Pleno do TJAM manda reabrir apuração contra juiz por liberação de quase R$ 100 milhões em processo da Eletrobras


O Pleno do Tribunal de Justiça do Amazonas (TJAM) decidiu, por unanimidade, mandar reabrir uma apuração interna contra um juiz em um processo da Eletrobras que envolve a liberação de quase R$ 100 milhões.
A decisão derruba o arquivamento que havia sido determinado pela Corregedoria, setor que fiscaliza a atuação de juízes. Agora, o procedimento volta a tramitar para verificar se houve falha funcional na condução do caso.

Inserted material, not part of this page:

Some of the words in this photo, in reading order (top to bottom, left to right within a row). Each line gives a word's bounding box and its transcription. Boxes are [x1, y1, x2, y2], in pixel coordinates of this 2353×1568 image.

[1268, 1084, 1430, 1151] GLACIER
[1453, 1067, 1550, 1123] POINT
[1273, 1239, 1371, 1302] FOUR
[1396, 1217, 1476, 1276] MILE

O juiz citado no processo é Roger Luiz Paz de Almeida, titular da Vara Única da Comarca de Presidente Figueiredo, conforme consta no acórdão.
O caso chegou ao Pleno após recurso da União Federal, que contestou o arquivamento e pediu que a investigação interna continuasse. O tribunal entendeu que há elementos suficientes para apurar a conduta — o que não significa condenação, mas sim que existem indícios que precisam ser analisados.
No voto, a relatora, desembargadora Carla Maria Santos dos Reis, explicou que o julgamento não discute se a decisão judicial foi certa ou errada, mas se a atuação do magistrado durante o processo precisa ser investigada. Ela registrou que “não se examina, neste momento, o mérito”, mas apenas se há motivo para continuar a apuração.
Entre os pontos destacados estão possível falta de análise de um pedido importante apresentado pela União, continuidade de atos mesmo com discussão sobre mudança do processo para a Justiça Federal e indícios de demora para cumprir decisão federal.
O acórdão menciona a determinação de transferência de quase R$ 100 milhões de reais. A relatora afirma que a atuação do magistrado, “em tese, expôs o erário a risco elevado”. Erário é o dinheiro público.
O tribunal também afastou o argumento de que a apuração teria perdido sentido porque o processo foi depois enviado à Justiça Federal e arquivado. Em termos simples, o entendimento foi de que a conduta pode ser analisada mesmo que o processo principal tenha sido encerrado.
Com a decisão, o procedimento segue agora com direito de defesa do magistrado.